Northbrook Court is located on Lake Cook Road (Cook County Trunk Highway A50), between the Tri-State Tollway (Interstate 94/294) and Edens Expressway (Interstate 94/U.S. Highway 41). It is approximately 25 miles from downtown Chicago and approximately four to 12 miles from the nine communities that make up the North Shore and is accessible via public transit from them and the City of Chicago. It is only eight miles from Westfield Old Orchard.

==Filming==

John Hughes, who grew up in Northbrook and attended Glenbrook North High School, used the mall for his teenage film Weird Science, a movie about two outcasts who create a girl, who in turn helps them stand up for themselves. The side of the mall used in the film for exterior shots is currently a California Pizza Kitchen and the former The Claim Company. The inside of the mall was also used; however, it has changed since the filming.

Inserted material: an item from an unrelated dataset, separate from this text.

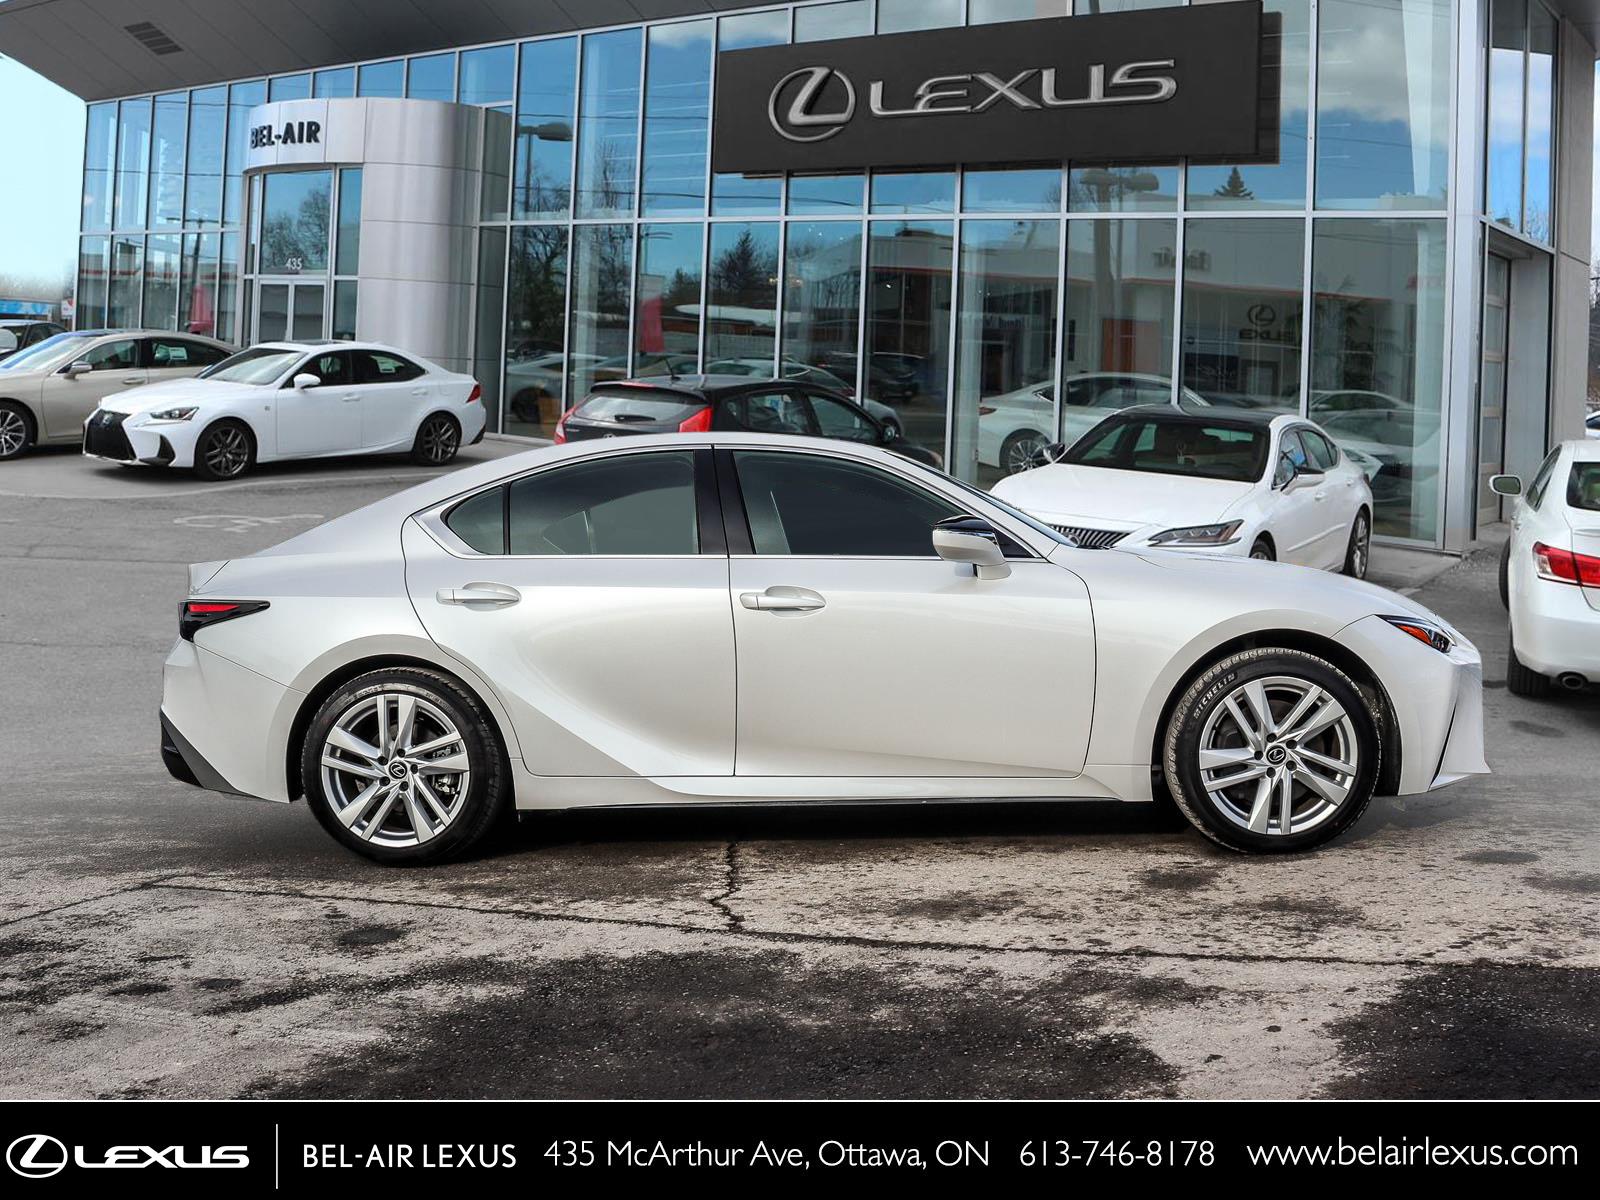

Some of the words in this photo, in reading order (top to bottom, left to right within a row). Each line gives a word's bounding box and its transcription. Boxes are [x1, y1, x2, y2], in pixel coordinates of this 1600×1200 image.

[869, 59, 1178, 117] LEXUS
[250, 121, 321, 149] BEL-AIR
[285, 257, 303, 271] 435
[1193, 673, 1235, 719] MICHELIN

A scene from Ordinary People was filmed at the mall. Mary Tyler Moore’s character Beth Jarrett is shown shopping at Neiman Marcus and riding the escalator.

== Bus routes ==
Pace

- 213 Green Bay Road (Monday-Saturday only)
- 422 Linden CTA/Glenview/Northbrook Court (Weekdays only)
- 471 Highland Park/Northbrook Court (Monday-Saturday only)
- 626 Skokie - Buffalo Grove Limited (Weekday Rush Hours only)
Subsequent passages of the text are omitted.